[[ EXTRACTED RECORDS open ]]
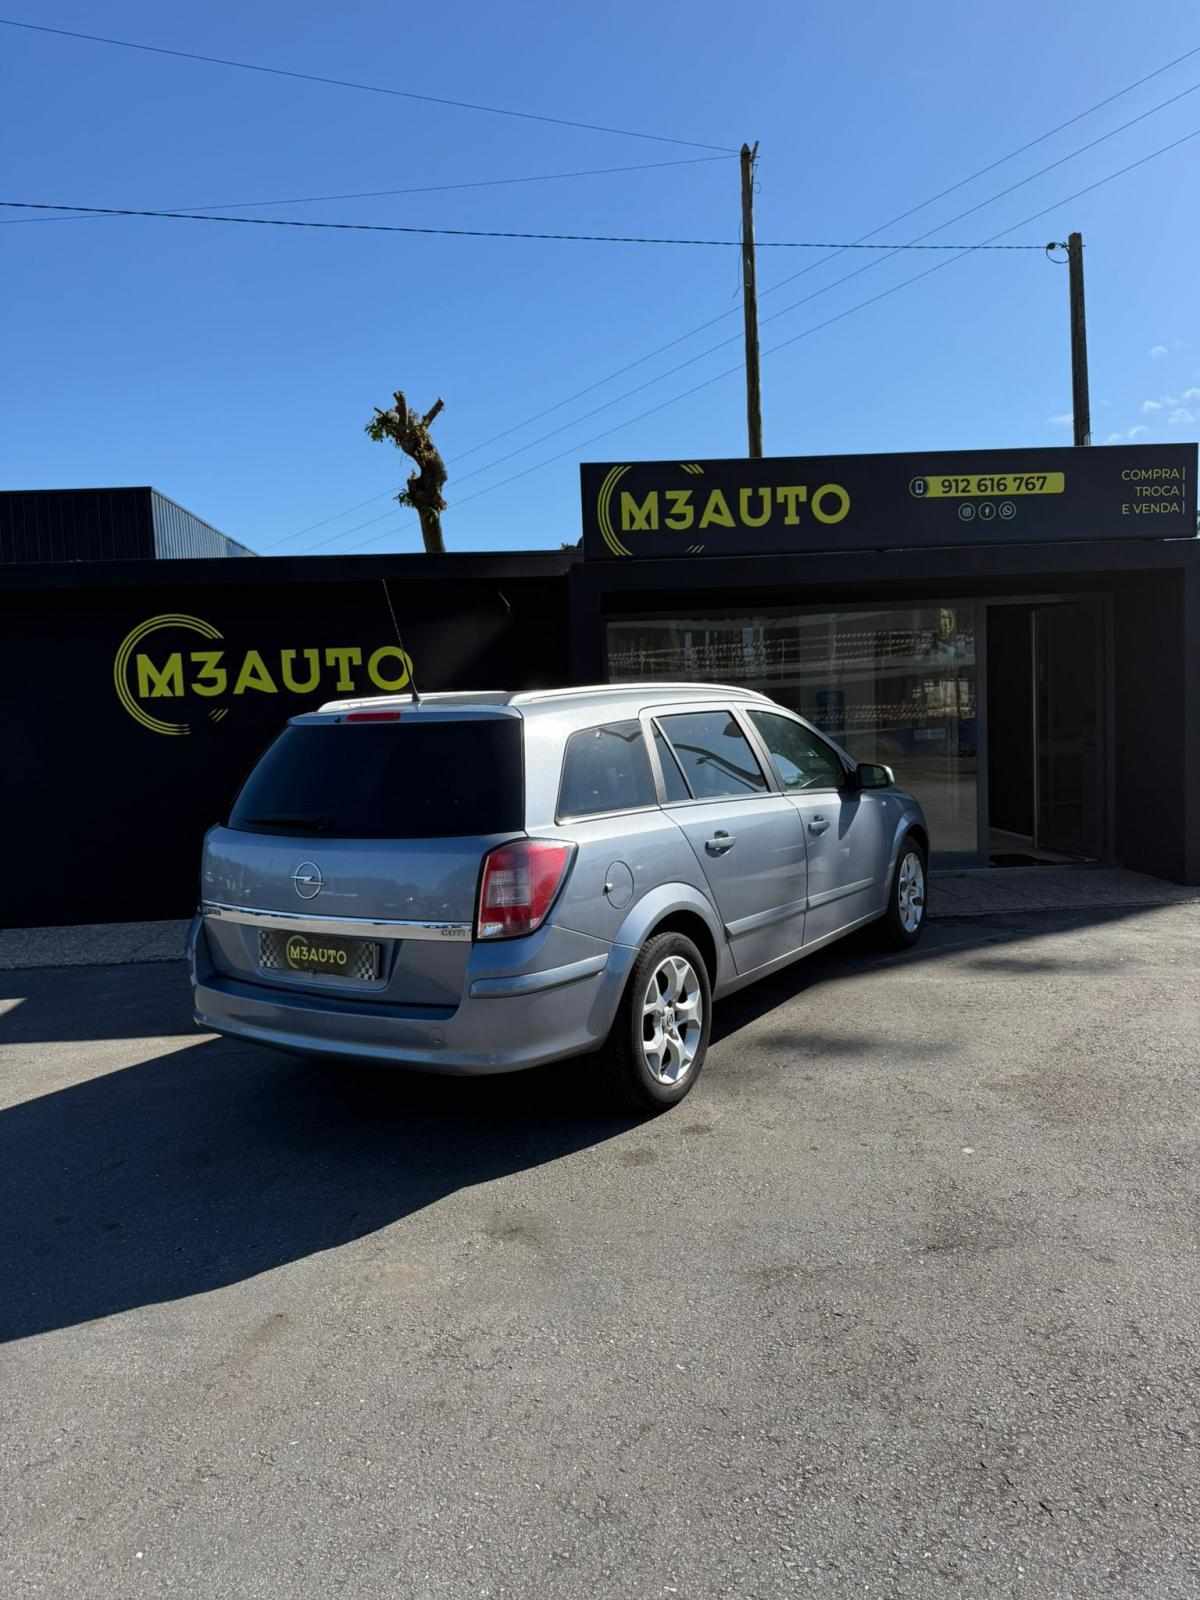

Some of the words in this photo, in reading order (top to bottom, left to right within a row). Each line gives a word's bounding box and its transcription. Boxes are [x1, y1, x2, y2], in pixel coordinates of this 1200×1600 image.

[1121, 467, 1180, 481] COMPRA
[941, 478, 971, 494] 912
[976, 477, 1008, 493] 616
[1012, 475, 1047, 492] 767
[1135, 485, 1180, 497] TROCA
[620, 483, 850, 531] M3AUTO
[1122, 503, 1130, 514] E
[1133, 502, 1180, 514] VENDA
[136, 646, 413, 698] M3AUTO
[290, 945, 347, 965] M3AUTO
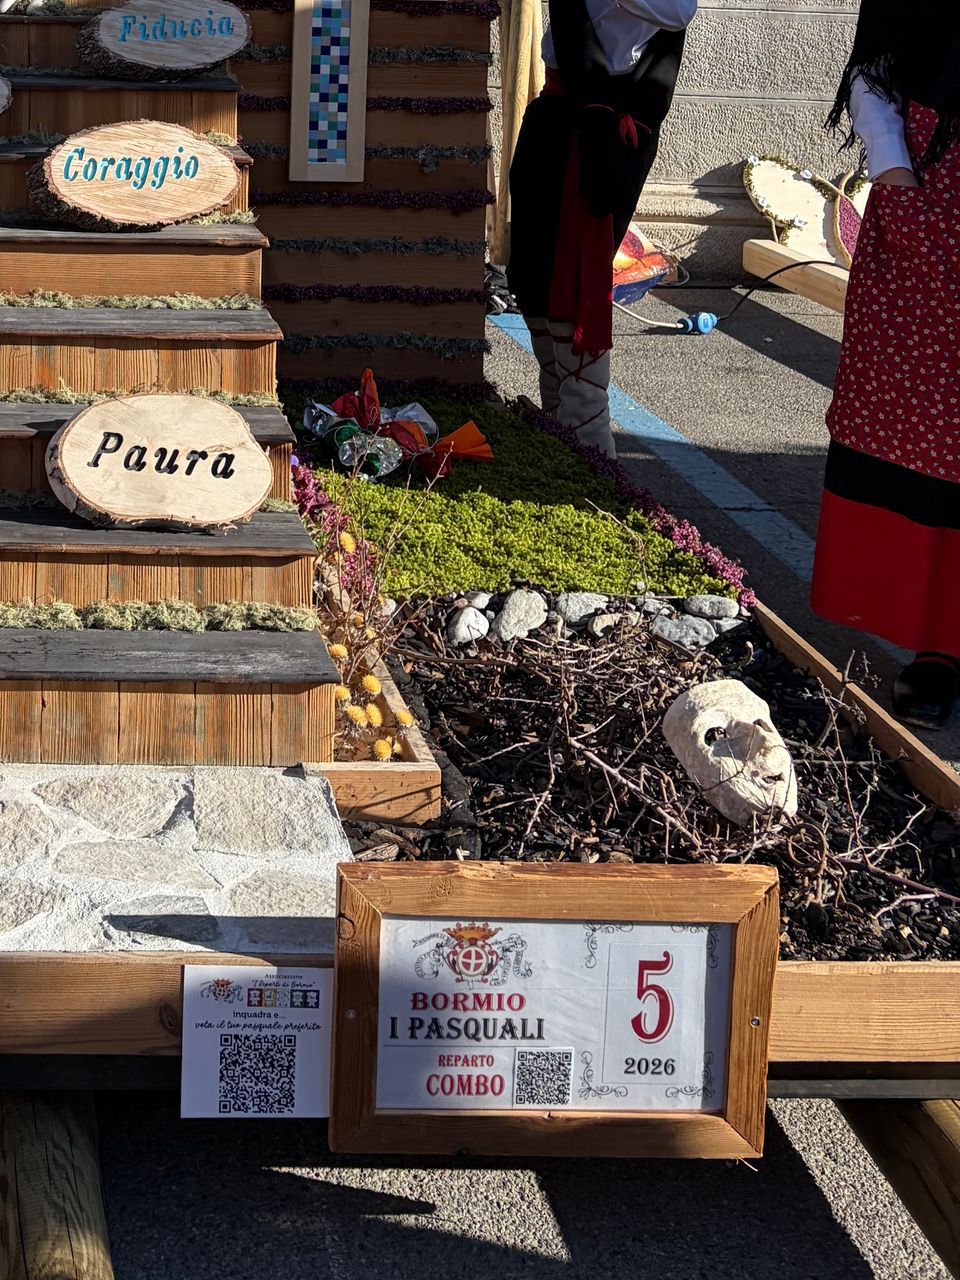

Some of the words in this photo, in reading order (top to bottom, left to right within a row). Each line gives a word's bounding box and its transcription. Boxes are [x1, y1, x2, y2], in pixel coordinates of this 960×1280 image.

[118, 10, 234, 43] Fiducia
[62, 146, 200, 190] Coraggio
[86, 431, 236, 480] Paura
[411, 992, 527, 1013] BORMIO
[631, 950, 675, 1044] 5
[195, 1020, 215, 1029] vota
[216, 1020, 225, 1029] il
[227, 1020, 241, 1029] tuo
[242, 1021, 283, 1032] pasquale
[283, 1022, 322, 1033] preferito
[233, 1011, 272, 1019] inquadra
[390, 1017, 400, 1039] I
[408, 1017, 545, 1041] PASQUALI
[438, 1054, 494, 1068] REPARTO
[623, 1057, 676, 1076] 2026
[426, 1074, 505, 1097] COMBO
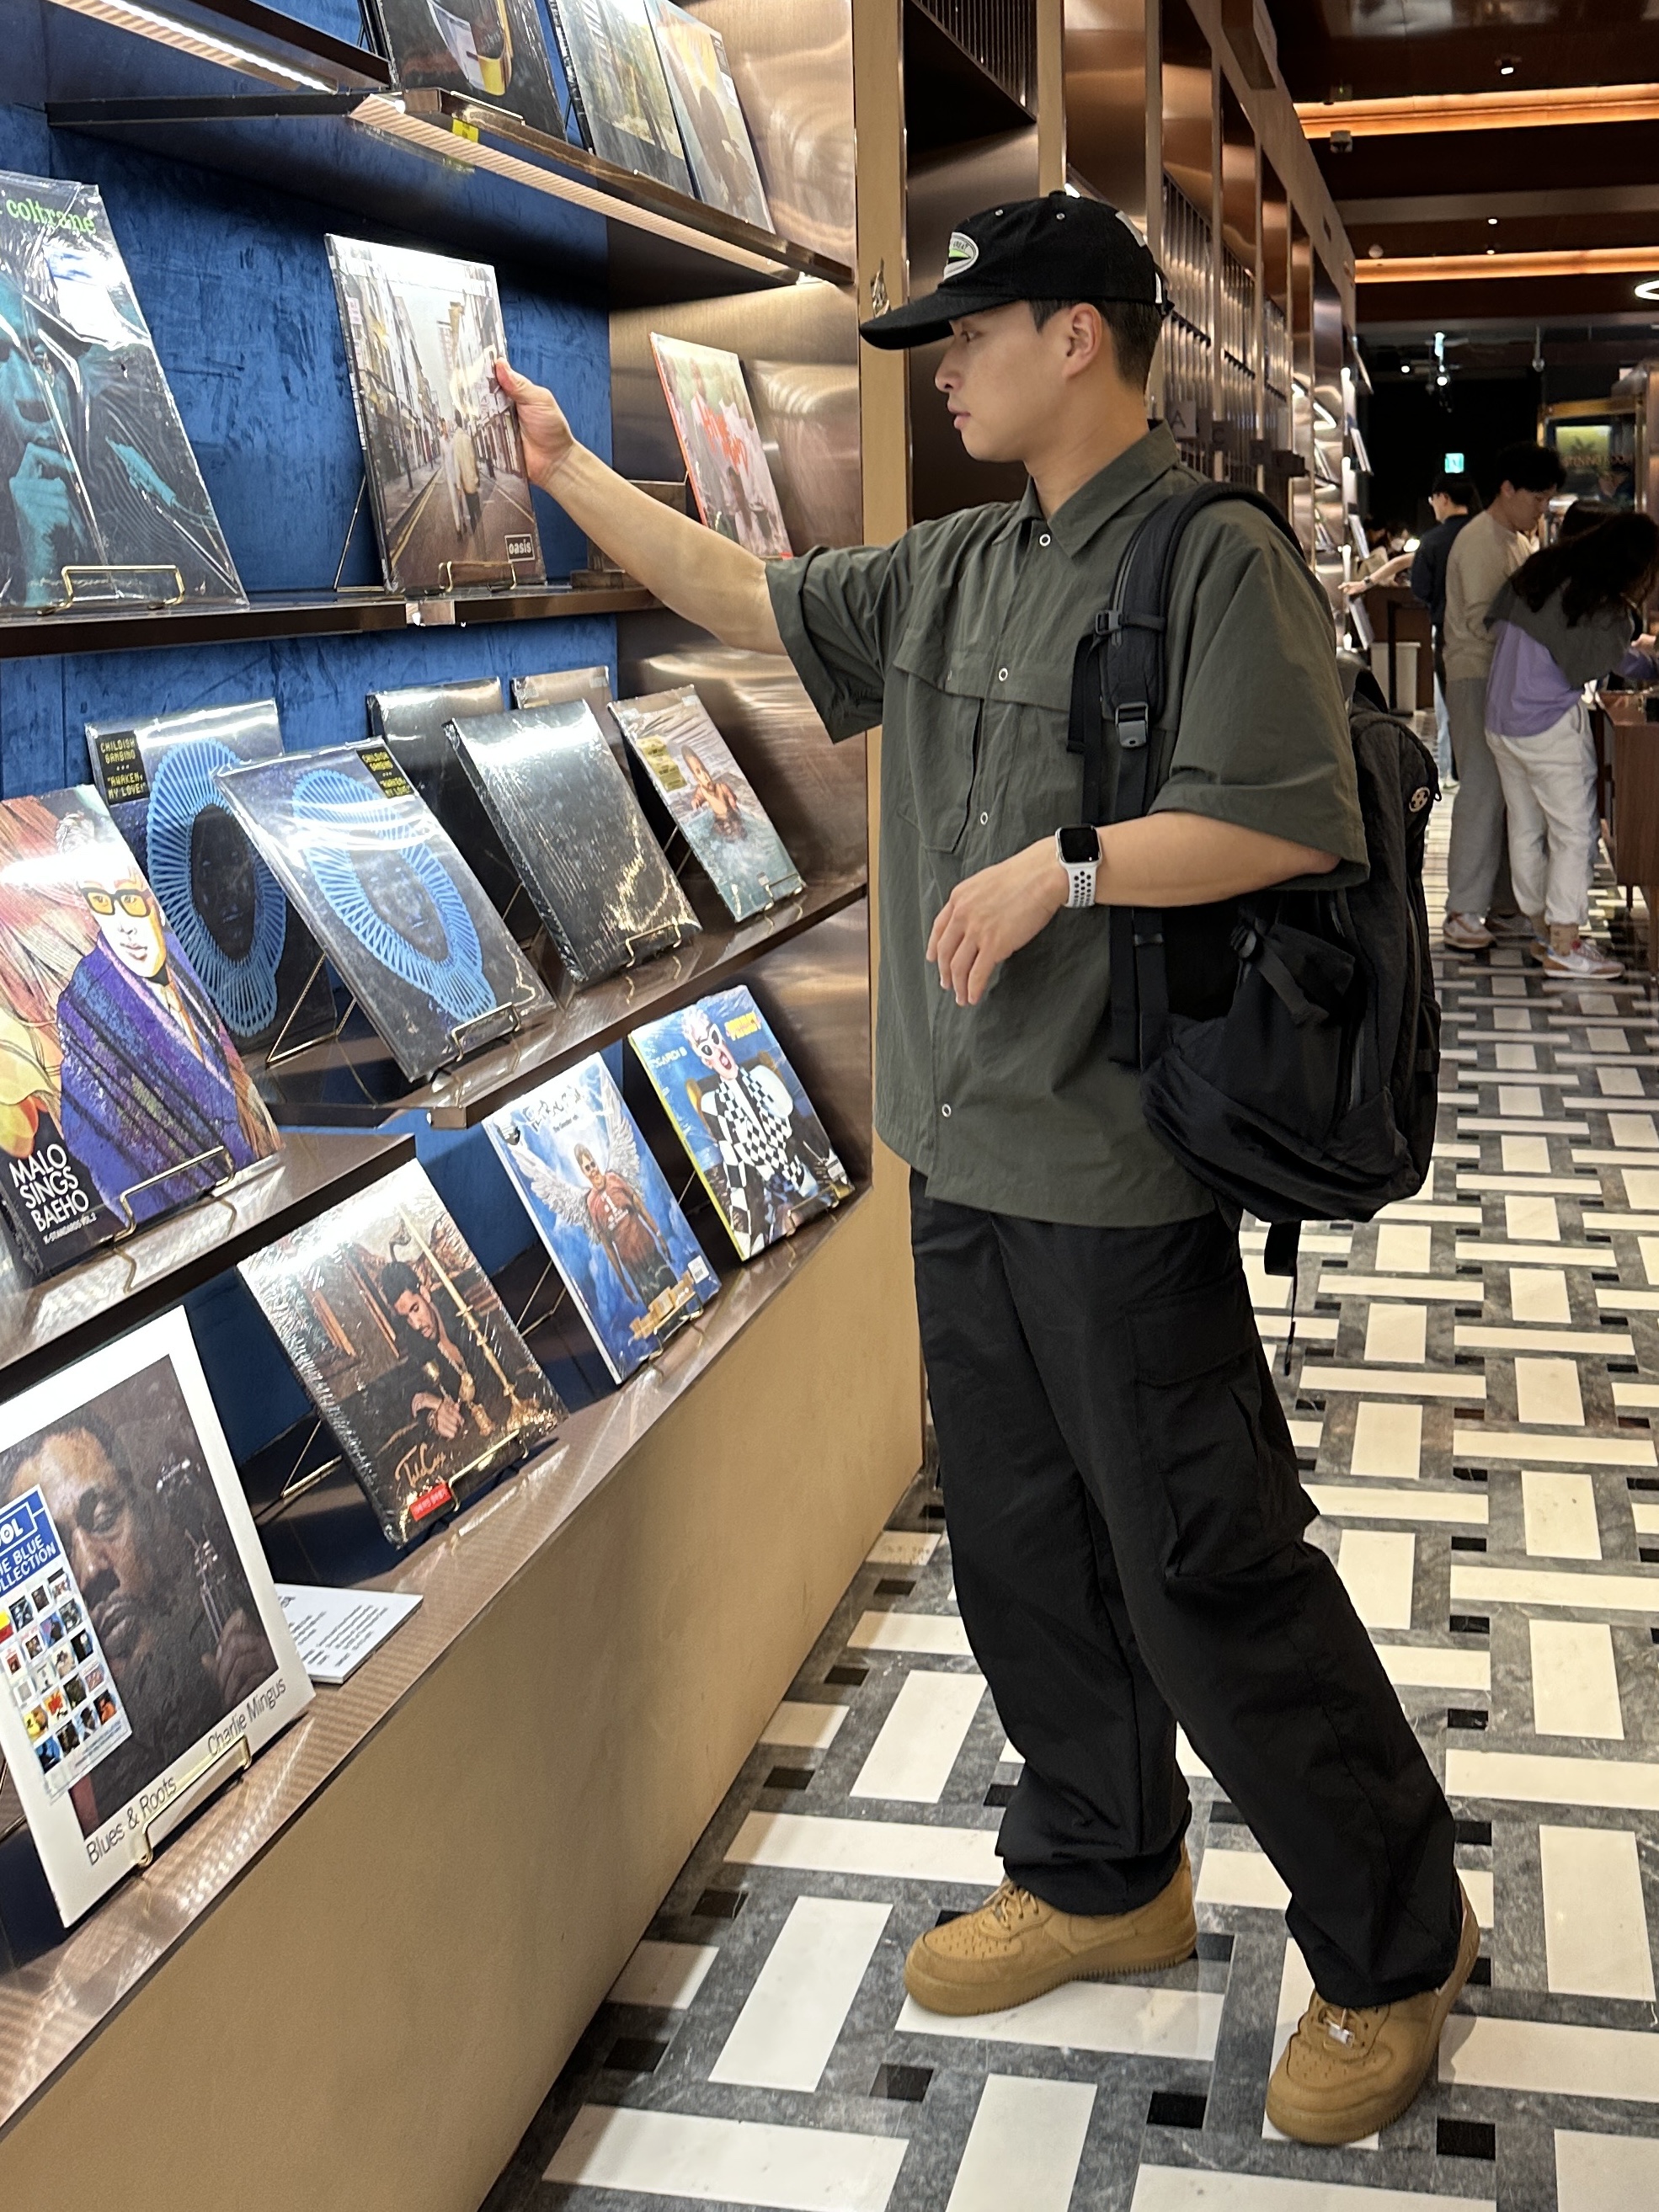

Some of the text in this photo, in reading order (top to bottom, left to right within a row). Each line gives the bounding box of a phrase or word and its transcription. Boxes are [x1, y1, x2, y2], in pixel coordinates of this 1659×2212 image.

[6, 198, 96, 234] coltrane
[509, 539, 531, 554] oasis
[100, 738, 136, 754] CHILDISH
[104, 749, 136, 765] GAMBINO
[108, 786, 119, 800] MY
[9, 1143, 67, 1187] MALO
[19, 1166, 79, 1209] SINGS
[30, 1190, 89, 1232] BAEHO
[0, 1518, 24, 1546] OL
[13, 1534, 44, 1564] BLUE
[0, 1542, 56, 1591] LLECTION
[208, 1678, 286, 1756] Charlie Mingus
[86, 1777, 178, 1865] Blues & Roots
[[ EXTRACTED RECORDS closed ]]
- _INSTRUCTIONS FOR THE TASK_
Return every line from the one holding "Some of the text" through the end of the data, exactly as it appears, with both ends kept and nothing else.

- _WRITTEN RESPONSE_
Some of the text in this photo, in reading order (top to bottom, left to right within a row). Each line gives the bounding box of a phrase or word and its transcription. Boxes are [x1, y1, x2, y2], in pixel coordinates of this 1659×2212 image.

[6, 198, 96, 234] coltrane
[509, 539, 531, 554] oasis
[100, 738, 136, 754] CHILDISH
[104, 749, 136, 765] GAMBINO
[108, 786, 119, 800] MY
[9, 1143, 67, 1187] MALO
[19, 1166, 79, 1209] SINGS
[30, 1190, 89, 1232] BAEHO
[0, 1518, 24, 1546] OL
[13, 1534, 44, 1564] BLUE
[0, 1542, 56, 1591] LLECTION
[208, 1678, 286, 1756] Charlie Mingus
[86, 1777, 178, 1865] Blues & Roots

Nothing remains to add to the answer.